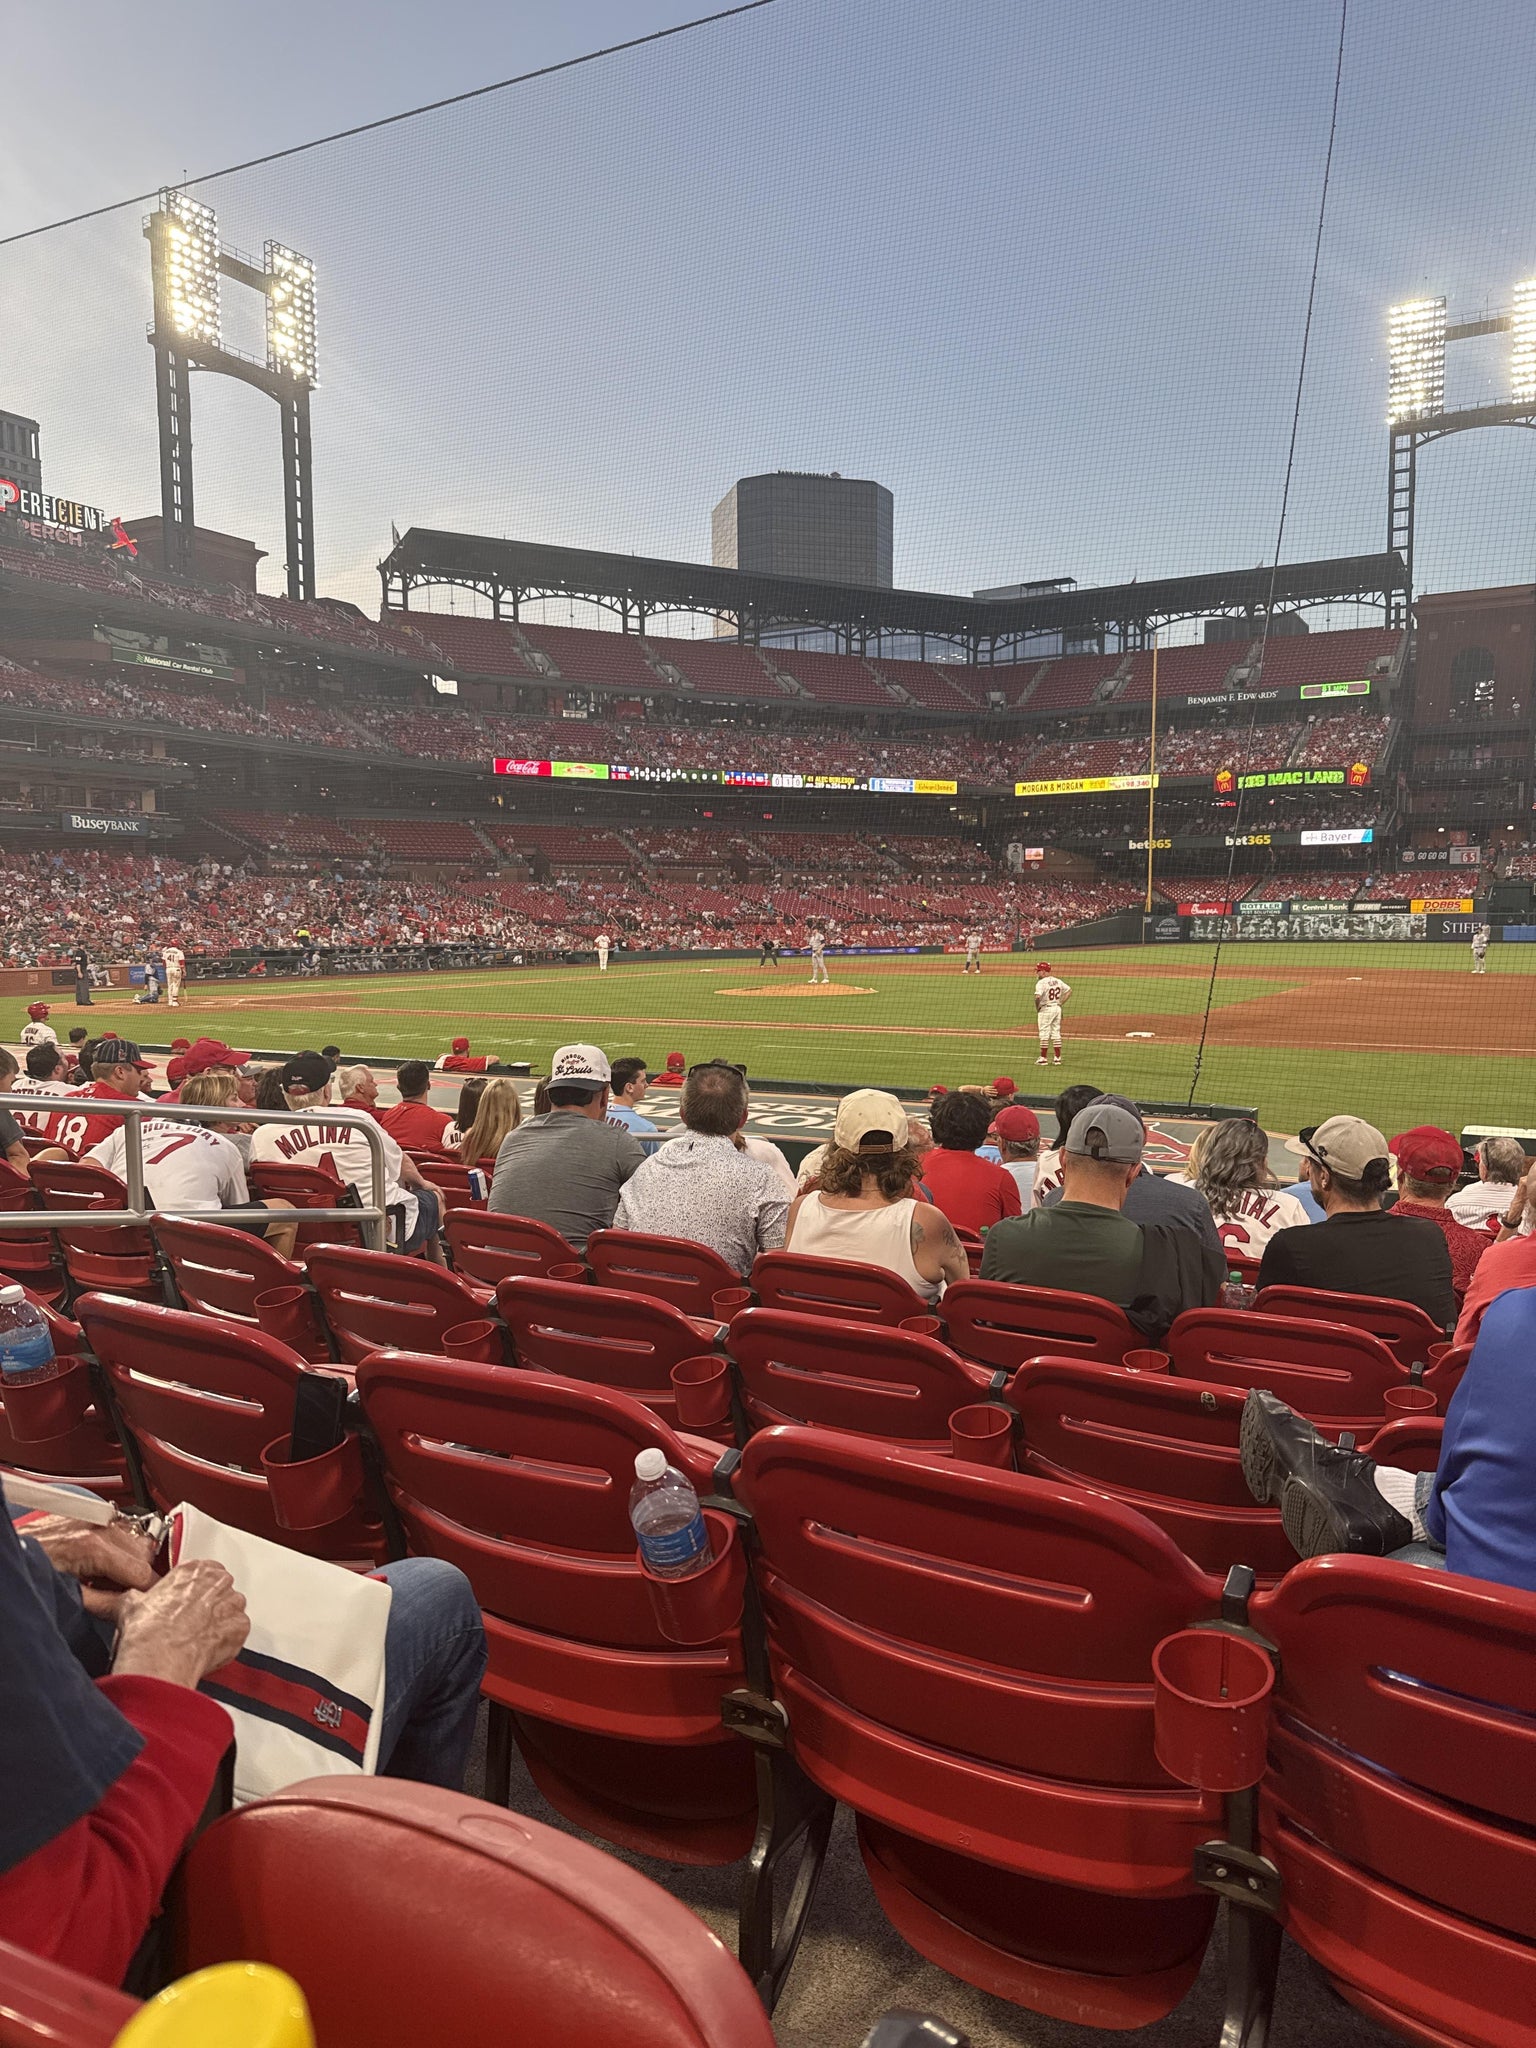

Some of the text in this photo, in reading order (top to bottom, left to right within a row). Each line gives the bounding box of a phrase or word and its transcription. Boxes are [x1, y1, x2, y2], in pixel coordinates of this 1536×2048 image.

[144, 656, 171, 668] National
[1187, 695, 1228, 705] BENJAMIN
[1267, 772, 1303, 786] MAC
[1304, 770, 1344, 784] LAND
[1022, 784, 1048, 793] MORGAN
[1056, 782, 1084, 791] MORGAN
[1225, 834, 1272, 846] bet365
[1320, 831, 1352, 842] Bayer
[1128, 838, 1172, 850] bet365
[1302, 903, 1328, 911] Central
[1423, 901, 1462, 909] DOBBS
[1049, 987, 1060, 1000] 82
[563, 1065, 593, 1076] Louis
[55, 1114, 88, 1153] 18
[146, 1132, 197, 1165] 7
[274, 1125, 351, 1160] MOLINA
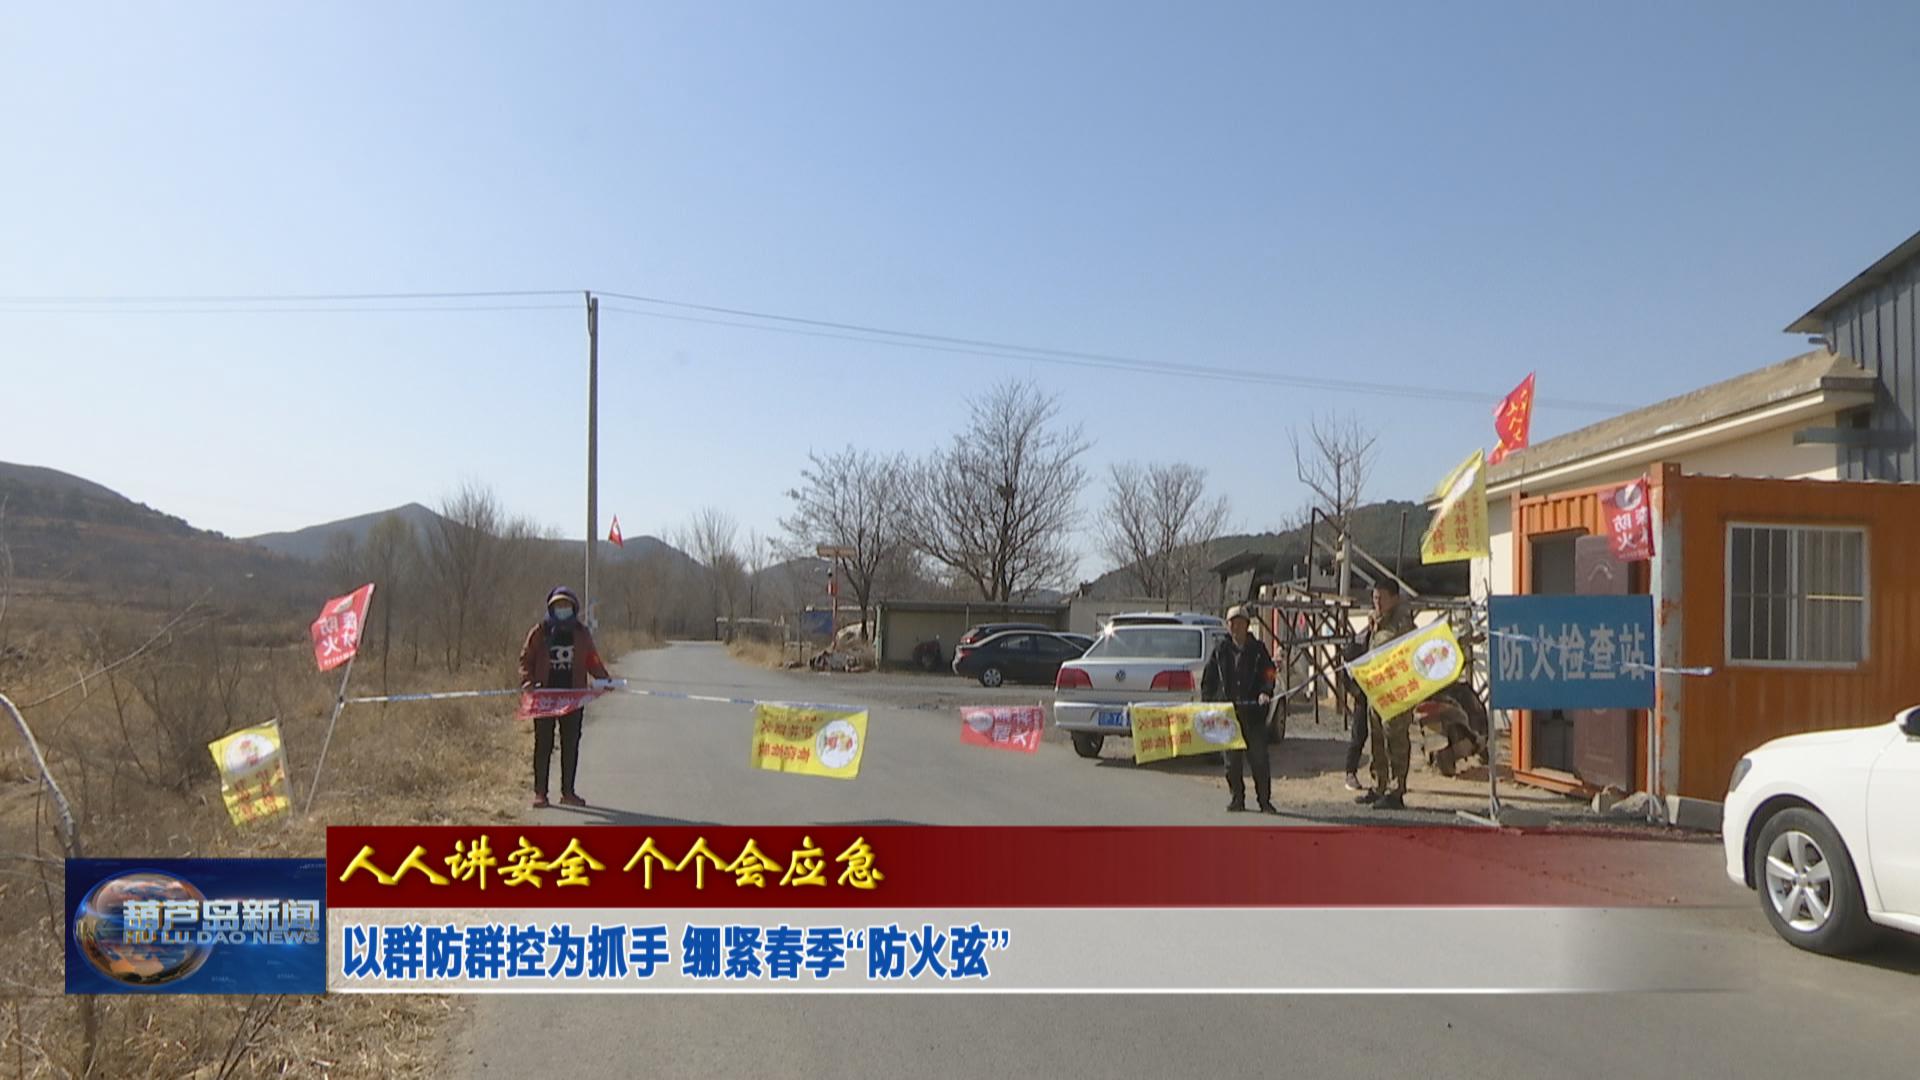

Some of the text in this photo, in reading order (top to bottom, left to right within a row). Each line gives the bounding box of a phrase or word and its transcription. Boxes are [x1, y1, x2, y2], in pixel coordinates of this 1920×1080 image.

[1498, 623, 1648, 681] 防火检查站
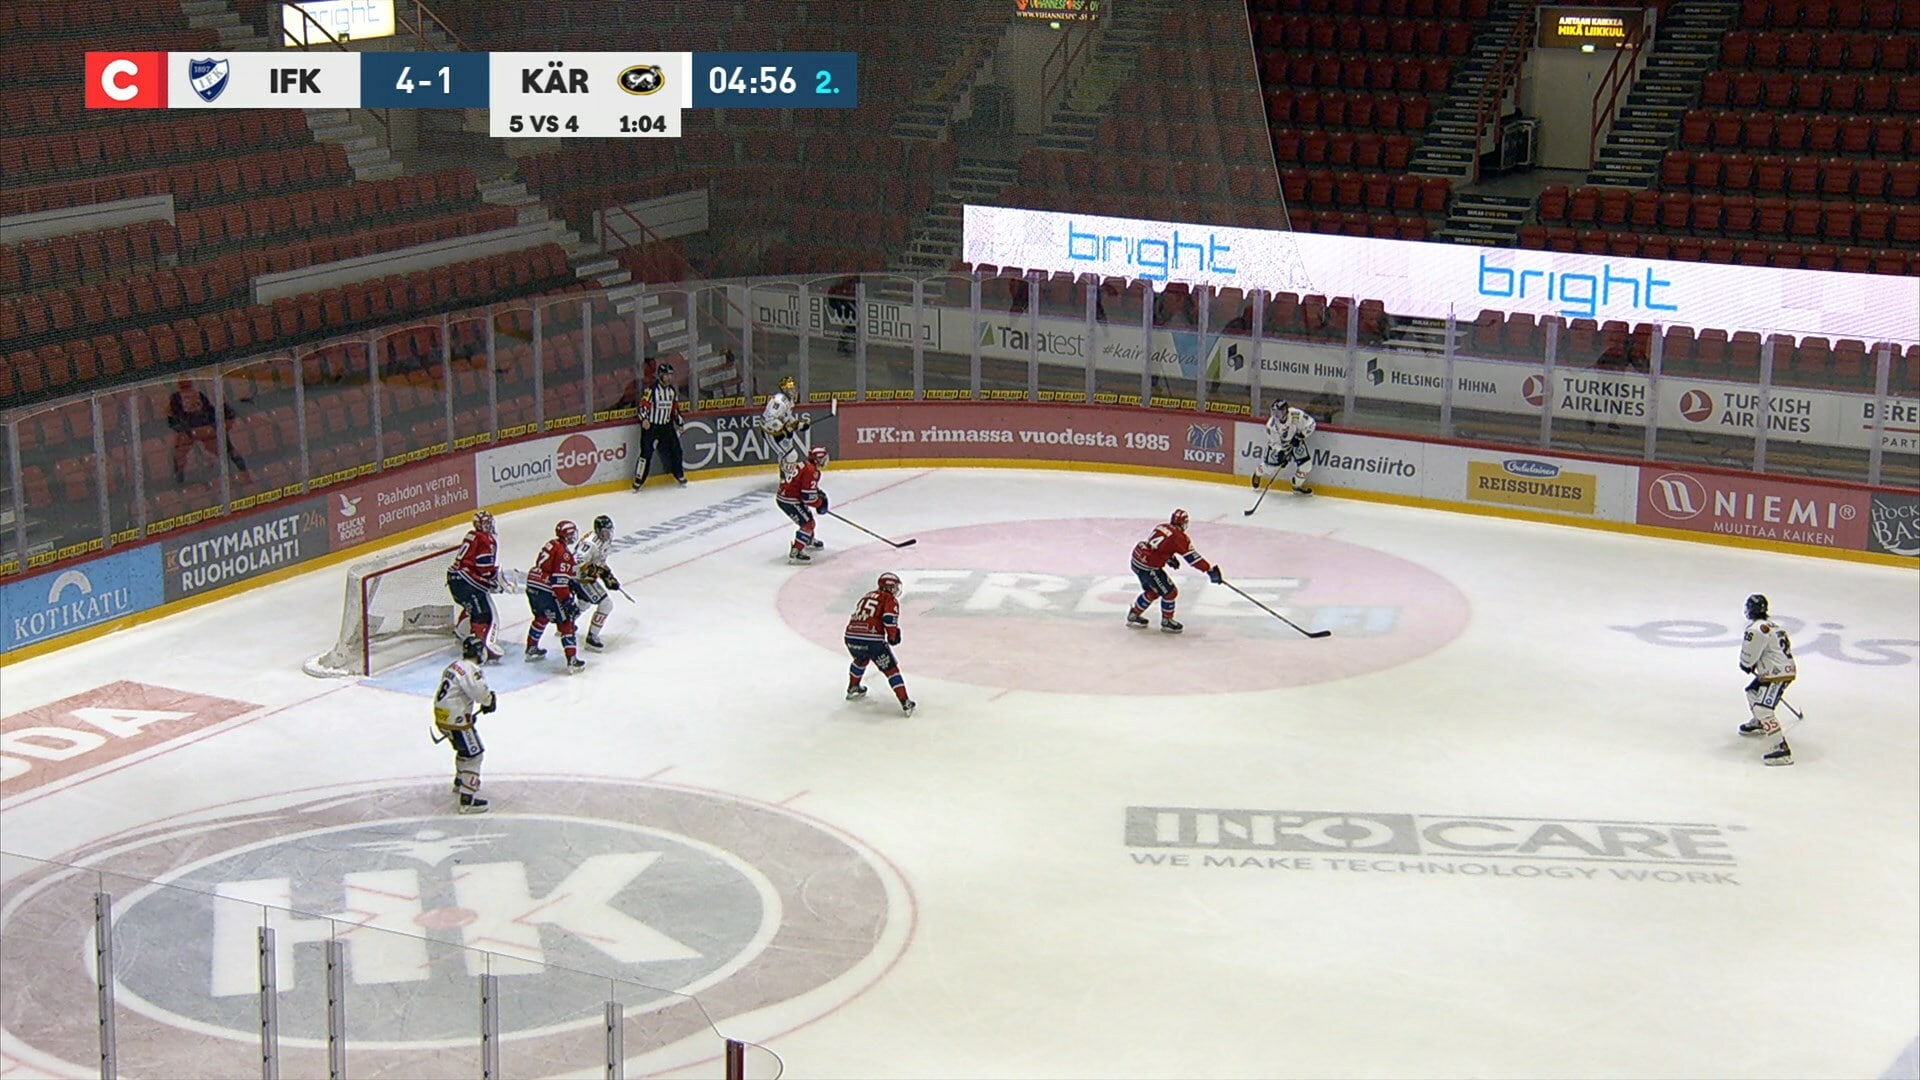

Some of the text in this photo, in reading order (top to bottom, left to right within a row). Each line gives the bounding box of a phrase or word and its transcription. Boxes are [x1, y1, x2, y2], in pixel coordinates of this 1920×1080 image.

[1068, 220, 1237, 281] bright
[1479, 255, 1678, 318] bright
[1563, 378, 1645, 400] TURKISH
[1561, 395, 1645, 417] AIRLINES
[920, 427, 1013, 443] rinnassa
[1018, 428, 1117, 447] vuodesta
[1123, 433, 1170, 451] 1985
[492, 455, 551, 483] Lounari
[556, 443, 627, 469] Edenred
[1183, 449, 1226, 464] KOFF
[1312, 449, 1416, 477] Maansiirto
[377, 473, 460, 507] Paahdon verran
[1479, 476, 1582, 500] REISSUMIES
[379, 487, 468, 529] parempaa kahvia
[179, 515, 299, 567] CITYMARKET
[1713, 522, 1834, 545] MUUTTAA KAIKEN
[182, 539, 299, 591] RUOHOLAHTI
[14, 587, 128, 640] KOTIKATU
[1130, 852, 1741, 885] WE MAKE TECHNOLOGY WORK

• Assigned task
Print the data again, word for word, without any pictures.

• Response for this exercise
Some of the text in this photo, in reading order (top to bottom, left to right within a row). Each line gives the bounding box of a phrase or word and its transcription. Boxes are [x1, y1, x2, y2], in pixel coordinates of this 1536×2048 image.

[144, 656, 171, 668] National
[1187, 695, 1228, 705] BENJAMIN
[1267, 772, 1303, 786] MAC
[1304, 770, 1344, 784] LAND
[1022, 784, 1048, 793] MORGAN
[1056, 782, 1084, 791] MORGAN
[1225, 834, 1272, 846] bet365
[1320, 831, 1352, 842] Bayer
[1128, 838, 1172, 850] bet365
[1302, 903, 1328, 911] Central
[1423, 901, 1462, 909] DOBBS
[1049, 987, 1060, 1000] 82
[563, 1065, 593, 1076] Louis
[55, 1114, 88, 1153] 18
[146, 1132, 197, 1165] 7
[274, 1125, 351, 1160] MOLINA

Some of the text in this photo, in reading order (top to bottom, left to right within a row). Each line gives the bounding box of a phrase or word and its transcription. Boxes are [x1, y1, x2, y2], in pixel coordinates of this 1920×1080 image.

[1498, 623, 1648, 681] 防火检查站

Some of the text in this photo, in reading order (top to bottom, left to right within a row). Each line gives the bounding box of a phrase or word and its transcription. Boxes are [x1, y1, x2, y2], in pixel coordinates of this 1920×1080 image.

[1068, 220, 1237, 281] bright
[1479, 255, 1678, 318] bright
[1563, 378, 1645, 400] TURKISH
[1561, 395, 1645, 417] AIRLINES
[920, 427, 1013, 443] rinnassa
[1018, 428, 1117, 447] vuodesta
[1123, 433, 1170, 451] 1985
[492, 455, 551, 483] Lounari
[556, 443, 627, 469] Edenred
[1183, 449, 1226, 464] KOFF
[1312, 449, 1416, 477] Maansiirto
[377, 473, 460, 507] Paahdon verran
[1479, 476, 1582, 500] REISSUMIES
[379, 487, 468, 529] parempaa kahvia
[179, 515, 299, 567] CITYMARKET
[1713, 522, 1834, 545] MUUTTAA KAIKEN
[182, 539, 299, 591] RUOHOLAHTI
[14, 587, 128, 640] KOTIKATU
[1130, 852, 1741, 885] WE MAKE TECHNOLOGY WORK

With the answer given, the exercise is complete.